Woolwich Community Health Center to hire rural planners to expand scope of services

Woolwich Community Health Center to hire rural planners to expand scope of services

The Woolwich Community Health Center is getting about $157,000 to hire a rural planner for a two-year period.

It’s one of 41 community organizations and groups in the Waterloo region that were provided upstream funding from the regional government — an approach the municipality hopes will help change “systems that distribute wealth, power, and decision-making.”

The region set aside more than $4 million for the project aimed at improving the health and wellbeing of Indigenous, Black, racialized and other communities facing discrimination.

CBC Kitchener-Waterloo is highlighting the work of several of the recipients in a week-long series.

Here’s what The Woolwich Community Health Center is about and what it hopes to do with the additional funding:

About the organization and impact on community:

The Woolwich Community Health Centre, based in St. Jacobs, offers primary health care services to equity-deserving populations, such as rural and Mennonite communities, as well as the broader community.

Some of the services include: Health education, community outreach programming focused on the social determinants of health, nutritional education for young children and parents, diabetes education and physiotherapy services.

Rosslyn Bentley, the executive director of the health center, said they’ve seen the need increase over the past few pandemic years.

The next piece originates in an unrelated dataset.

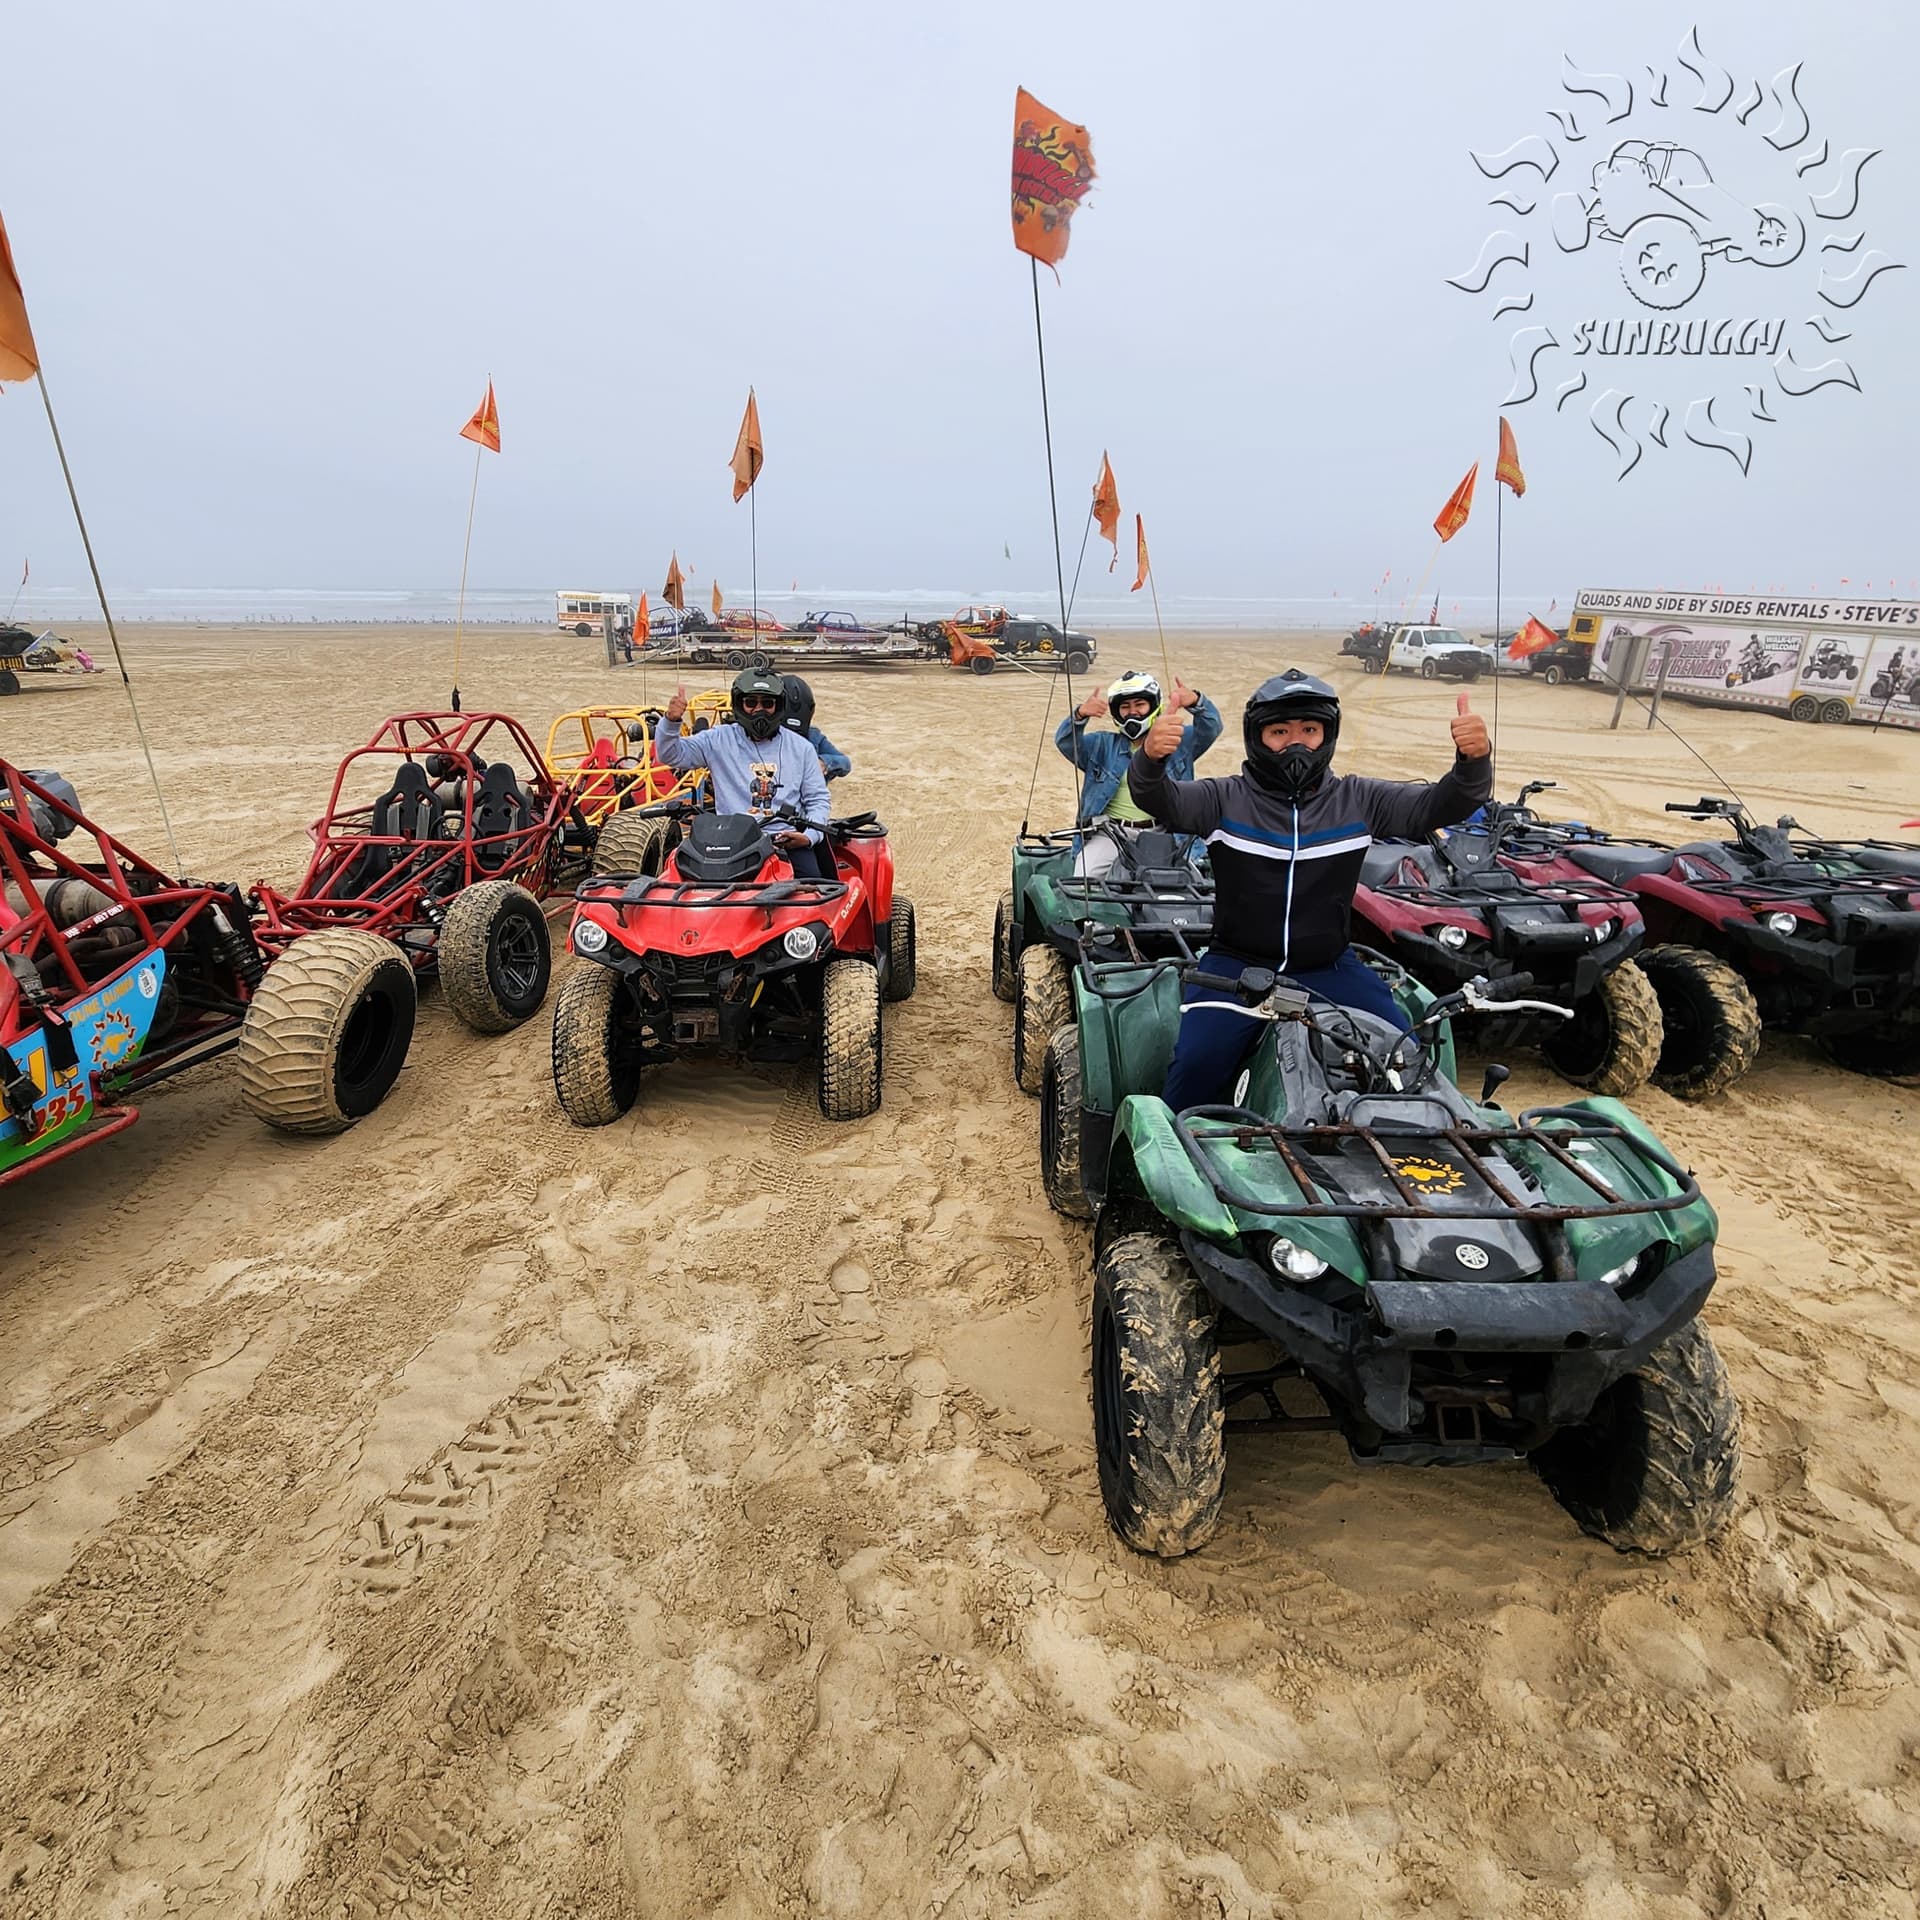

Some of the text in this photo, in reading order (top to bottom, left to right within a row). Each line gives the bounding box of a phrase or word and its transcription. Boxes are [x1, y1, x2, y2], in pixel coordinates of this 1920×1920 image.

“Because of just general population growth, both the aging population but also movement into the community, new Canadians arriving from overseas, people commuting and coming to the Waterloo region, we are finding there are more and more people who don’t have a regular family physician,” she said.

How regional funding will help the organization:

Bentley said the plan was to partner with seven other organizations including those in North Dumfries, Wilmot and Wellesley to hire a rural planner.

The role would connect with hard-to-reach communities to make sure their perspectives are reflected in the programming, and make changes to ensure accessibility.

“What we want to do is really listen to the communities that are generally not as well represented in the typical methods that we use to find out what the needs of the community are with regard to health and social services. So we’re talking about the Indigenous community, the low income community, the LGBTQ+ community,” she said.

She hopes this will help identify gaps in current services and work toward solutions.

Dates to remember:

Bentley said the focus right now is on getting the rural planner role underway. Meanwhile, there are more services and events planned that people can check out online.